Tag 7 – Tolar Grande
Unerbittliche Puna - von verlassenen Minen, verlassenen Orten und einem Bahnhof im Niemandsland

In der Nacht werde ich mehrmals wach. Die Decken, die mich wärmen sollen, verselbstständigen sich immer wieder. Viele Reisende vermissen deutsches Brot, ich hingegen vermisse nicht das erste Mal eine (!) und auf die jeweilige Temperatur abgestimmte Decke. Meine Nase ist verstopft und ich habe ständig Durst, sodass ich froh bin, drei nachfüllbare Wasserflaschen in meinen Koffer gepackt zu haben. Diese sind im 24/7 Dauereinsatz. Solch eine Trockenheit habe ich bisher noch nicht erlebt.

Beim morgendlichen Blick in den Spiegel stelle ich fest, dass meine Zähne immer noch in unterschiedlichen Weißtönen leuchten, aber die hellweißen Sprenkel sind zumindest verschwunden. Nichtsdestotrotz fühlt sich die Situation ein bisschen merkwürdig für mich an.
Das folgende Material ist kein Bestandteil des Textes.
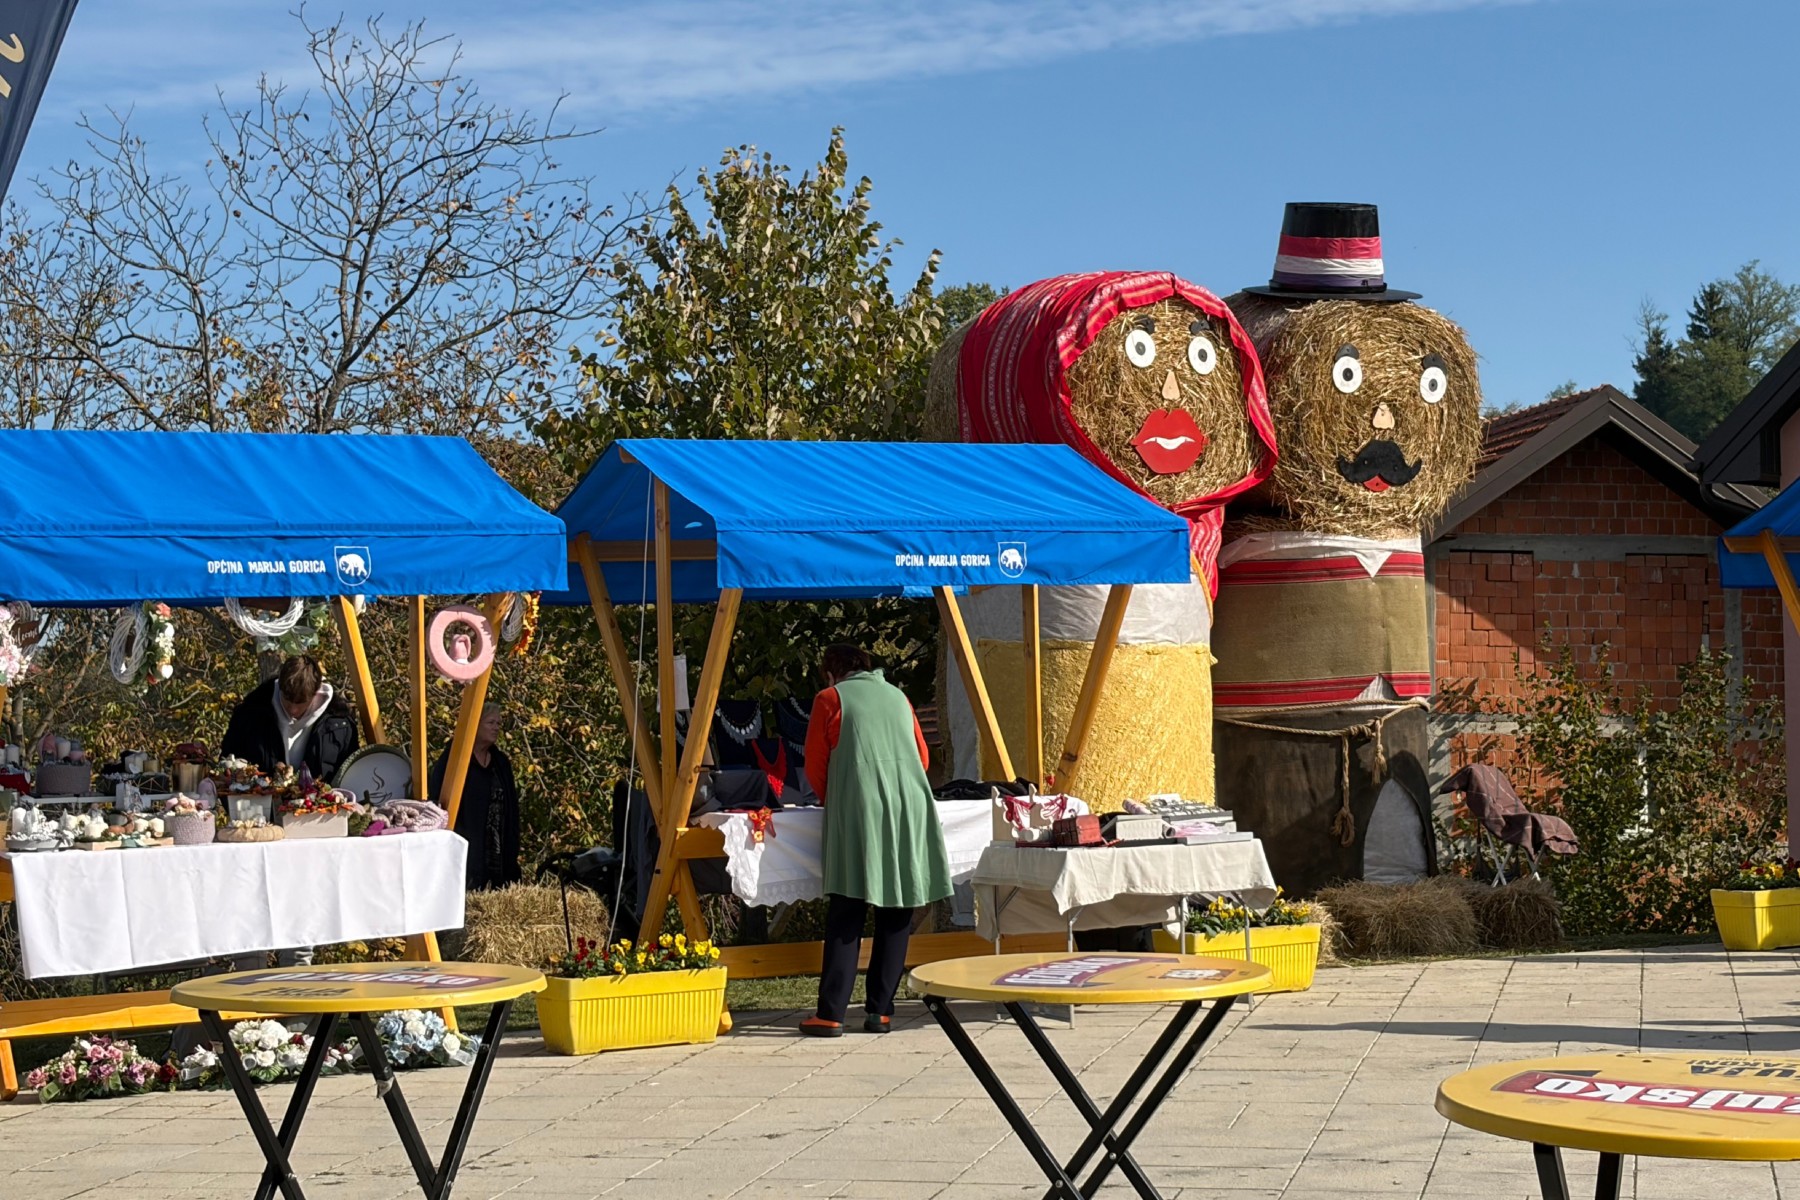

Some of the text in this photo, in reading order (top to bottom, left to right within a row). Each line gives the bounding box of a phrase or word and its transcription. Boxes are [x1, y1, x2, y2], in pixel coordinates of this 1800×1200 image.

Es ist mittlerweile so kalt im Zimmer geworden, dass ich mich nun entgegen meiner ursprünglichen Absicht entschließe, das Heizgerät anzuschließen. Kaum hat das Gerät Verbindung zum Stromnetz, erhellt es mit seinen glühenden Heizstäben den kleinen Raum. Ratternd dreht es sich in der instabilen Halterung von links nach rechts und von rechts nach links. Ich beobachte das Schauspiel sehr misstrauisch, nach einiger Zeit stelle ich keine nennenswerte Erwärmung des Raumes fest und entscheide, besser weiter zu frieren als meiner Versicherung möglicherweise erklären zu müssen, wie ich eine Hostería im fernen Argentinien mit einem Gerät abgefackelt habe, das jedem hiesigen TÜV-Prüfer in Sekundenschnelle eine Frisur bescheren würde, wie Telly Savalas sie trug.

In der Hostería wird kein Frühstück angeboten. Wir könnten heute früh erneut ins Restaurant fahren, in dem wir gestern Abend gegessen haben, aber mein Guide hat sich bereits um alles gekümmert. Er bereitet im kleinen Gemeinschaftsraum ein köstliches Frühstück für uns vor. Ein toller Service!
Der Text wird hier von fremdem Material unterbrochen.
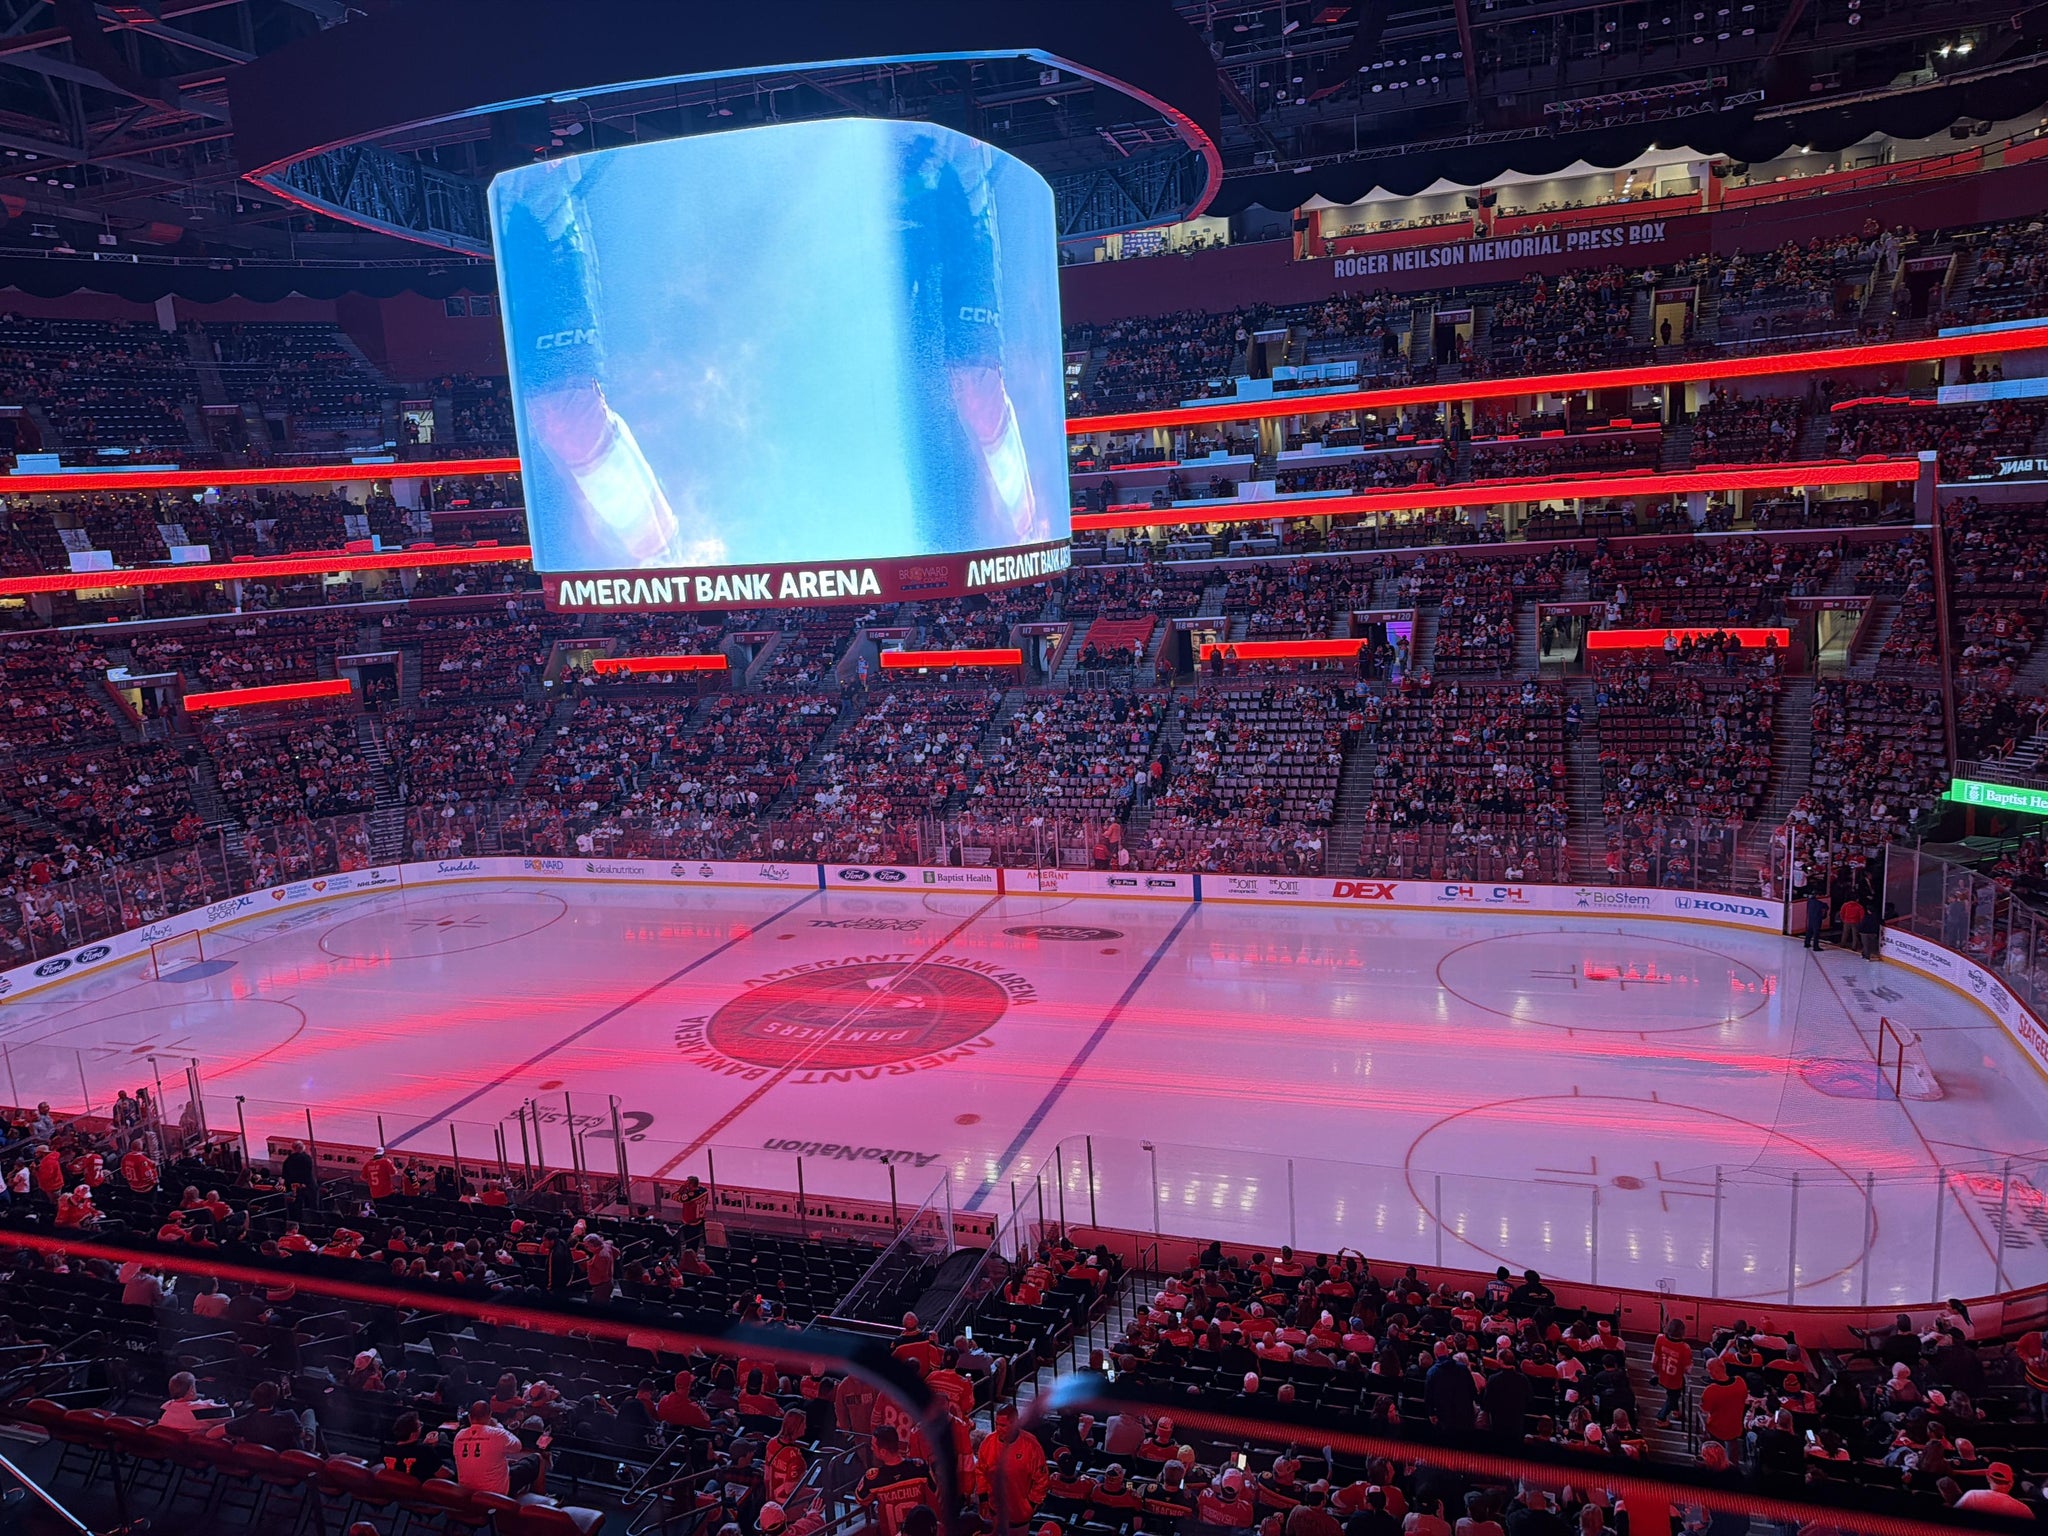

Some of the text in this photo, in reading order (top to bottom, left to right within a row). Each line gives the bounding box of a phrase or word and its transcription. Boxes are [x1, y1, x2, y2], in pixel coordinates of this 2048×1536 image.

[1334, 222, 1666, 279] ROGER NEILSON MEMORIAL PRESS BOX
[959, 306, 999, 328] CCM
[536, 329, 597, 350] CCM
[967, 551, 1040, 587] AMERANT
[559, 568, 882, 606] AMERANT BANK ARENA
[1844, 601, 1860, 609] 122
[1213, 619, 1225, 628] 119
[1357, 612, 1411, 622] 119 120
[1986, 789, 2028, 806] Baptist
[438, 861, 480, 873] Sandals
[843, 870, 865, 880] Ford
[879, 870, 900, 881] Ford
[937, 873, 992, 883] Baptist Health
[1332, 881, 1398, 900] DEX
[1445, 886, 1473, 897] CH
[1493, 887, 1522, 899] CH
[1593, 892, 1650, 905] BioStem
[207, 897, 254, 914] OMEGA XL
[1693, 899, 1769, 919] HONDA
[208, 907, 236, 922] SPORT
[82, 947, 105, 962] Ford
[1895, 940, 1920, 953] CENTERS
[41, 960, 66, 976] Ford
[743, 953, 1039, 1006] AMERANT BANK ARENA
[764, 1022, 909, 1042] PANTHERS
[674, 1015, 995, 1084] AMERANT BANK ARENA
[764, 1138, 941, 1168] AutoNation
[370, 1171, 379, 1186] 5
[877, 1485, 921, 1501] TKACHUK
Im Zimmer neben mir wohnt ein Paar aus der Schweiz, das ebenfalls mit einem Guide der gleichen Agentur unterwegs ist. Heute werden sie eine ähnliche Route wie wir fahren und für längere Zeit die einzigen anderen Menschen sein, die wir sehen werden. Beide kommen jedoch nicht in den Genuss eines privaten Frühstückes, wie ich es von meinem Guide serviert bekomme.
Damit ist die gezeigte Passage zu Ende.